With the images left out, print every entry that follows exactly.

────────────────

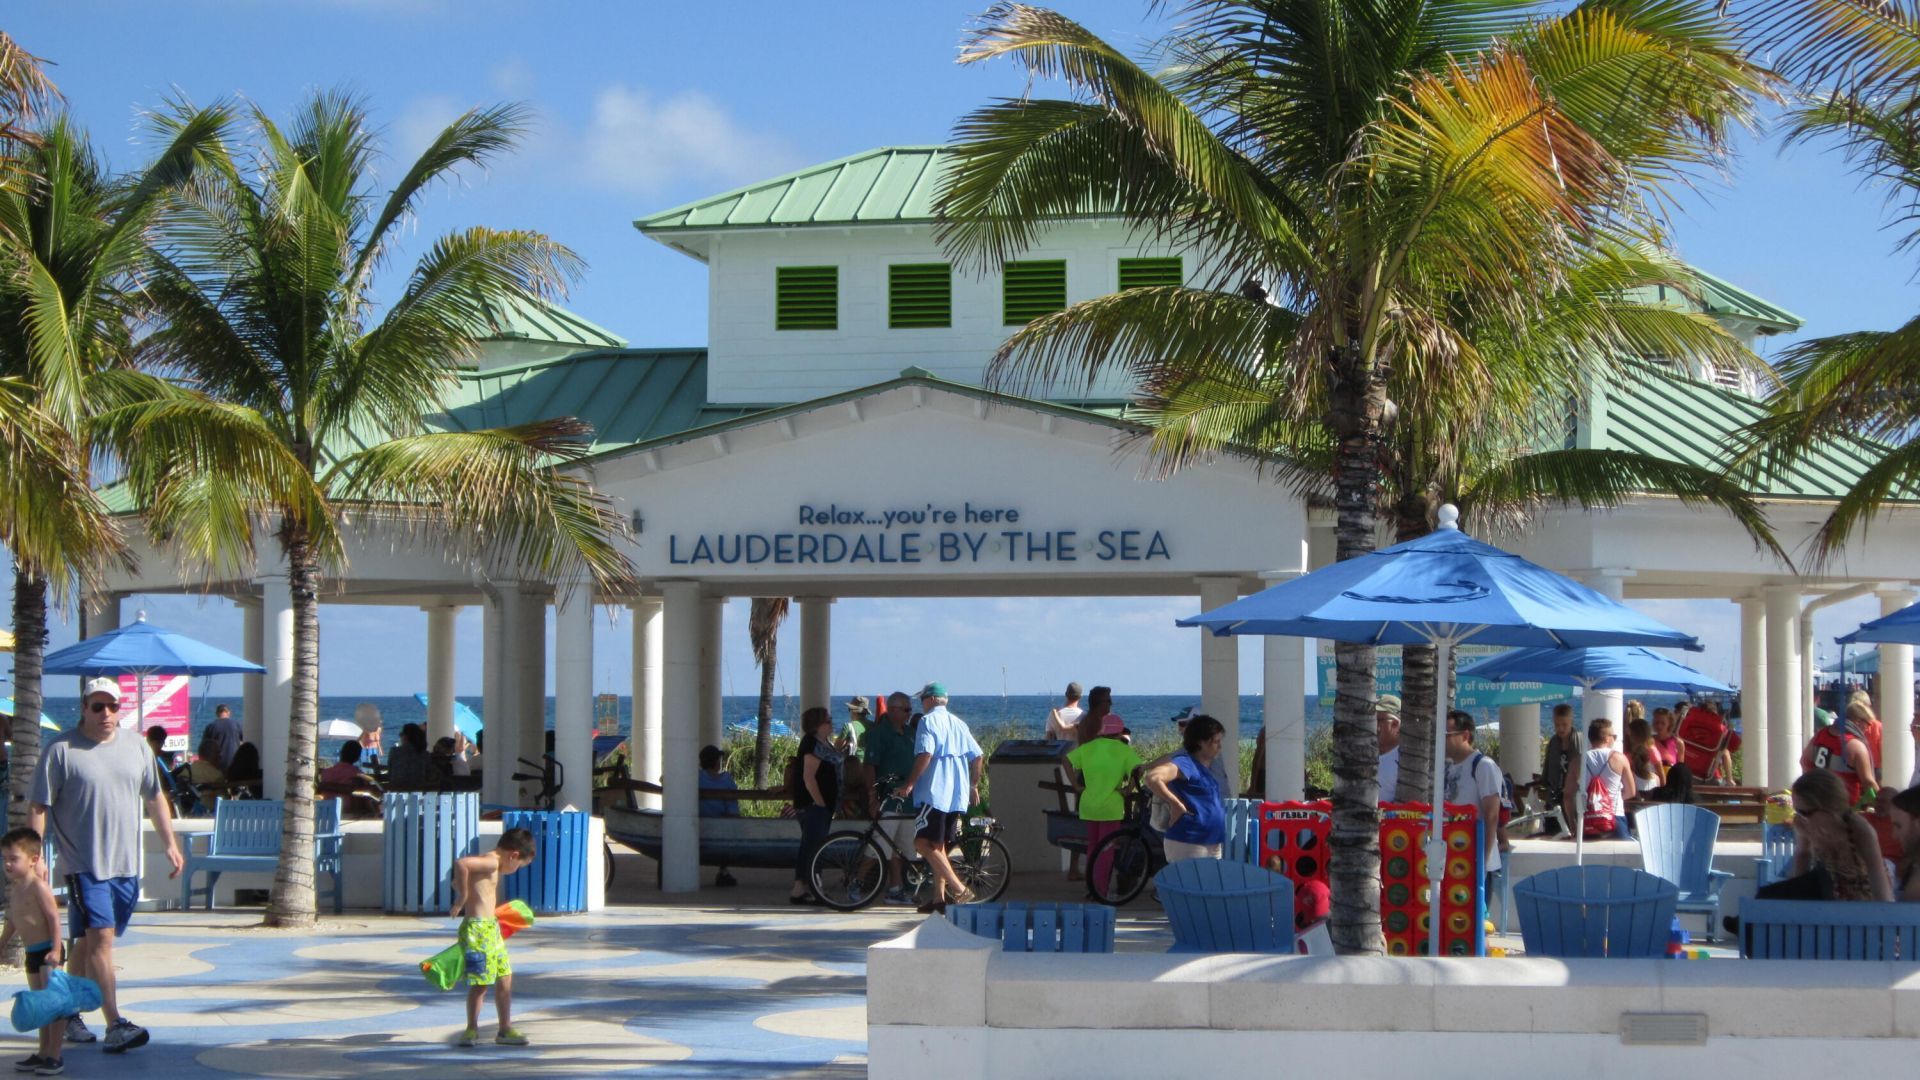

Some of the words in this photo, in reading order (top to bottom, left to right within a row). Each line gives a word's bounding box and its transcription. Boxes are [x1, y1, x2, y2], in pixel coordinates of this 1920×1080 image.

[964, 502, 1020, 524] here
[669, 533, 921, 565] LAUDERDALE
[939, 532, 987, 563] BY
[1001, 531, 1077, 562] THE
[1096, 530, 1171, 561] SEA
[1464, 680, 1477, 690] of
[1478, 682, 1506, 693] every
[1509, 681, 1543, 690] month
[1460, 697, 1476, 707] pm
[169, 738, 186, 748] BLVD
[1814, 746, 1829, 769] 6
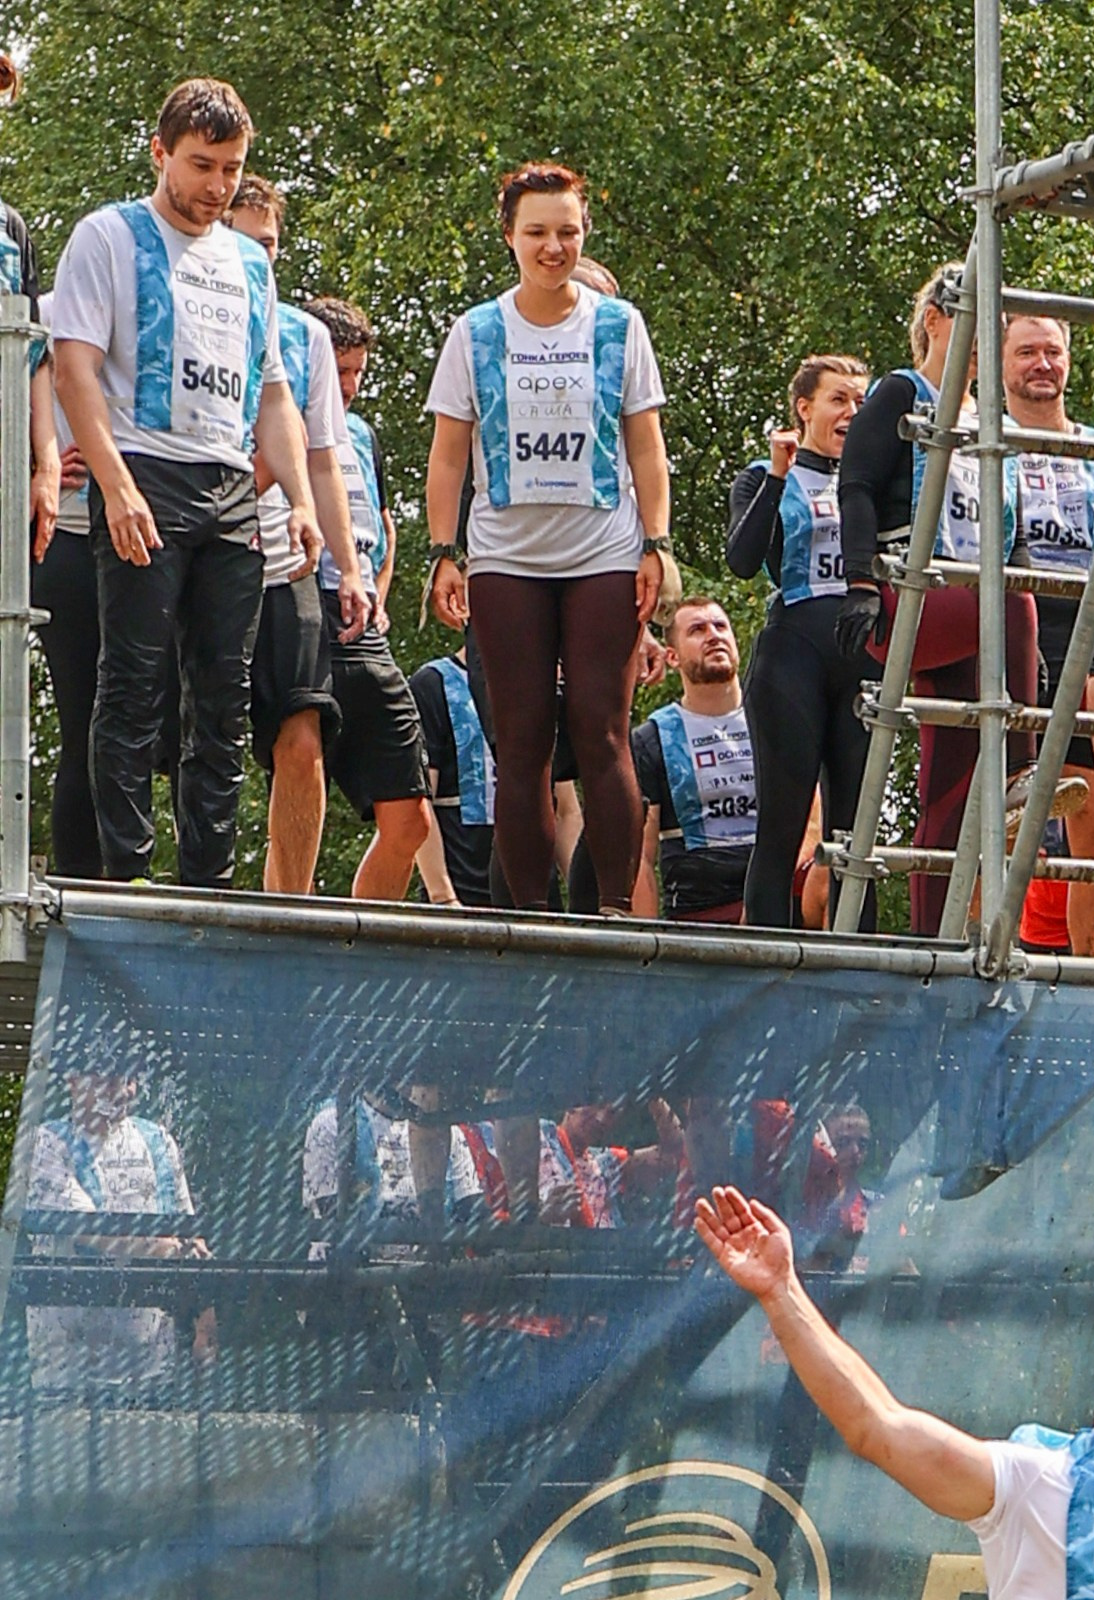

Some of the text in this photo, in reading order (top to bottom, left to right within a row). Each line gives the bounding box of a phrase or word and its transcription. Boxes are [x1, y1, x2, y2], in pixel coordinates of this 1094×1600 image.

[185, 299, 243, 327] apex
[511, 351, 589, 364] ГОНКА ГЕРОЕВ
[182, 358, 241, 402] 5450
[517, 376, 583, 393] apex
[516, 432, 586, 462] 5447

────────────────

- [Output of the exercise]:
Some of the words in this photo, in reading order (top to bottom, left to right within a row). Each line gives a word's bounding box and its transcription. Boxes are [x1, y1, x2, y2], in pixel coordinates of this 1920×1080 image.

[964, 502, 1020, 524] here
[669, 533, 921, 565] LAUDERDALE
[939, 532, 987, 563] BY
[1001, 531, 1077, 562] THE
[1096, 530, 1171, 561] SEA
[1464, 680, 1477, 690] of
[1478, 682, 1506, 693] every
[1509, 681, 1543, 690] month
[1460, 697, 1476, 707] pm
[169, 738, 186, 748] BLVD
[1814, 746, 1829, 769] 6

Some of the text in this photo, in reading order (top to bottom, left to right within a row). Each line gives the bounding box of a phrase or word and its transcription. Boxes are [x1, y1, x2, y2], in pixel coordinates of this 1094×1600 image.

[185, 299, 243, 327] apex
[511, 351, 589, 364] ГОНКА ГЕРОЕВ
[182, 358, 241, 402] 5450
[517, 376, 583, 393] apex
[516, 432, 586, 462] 5447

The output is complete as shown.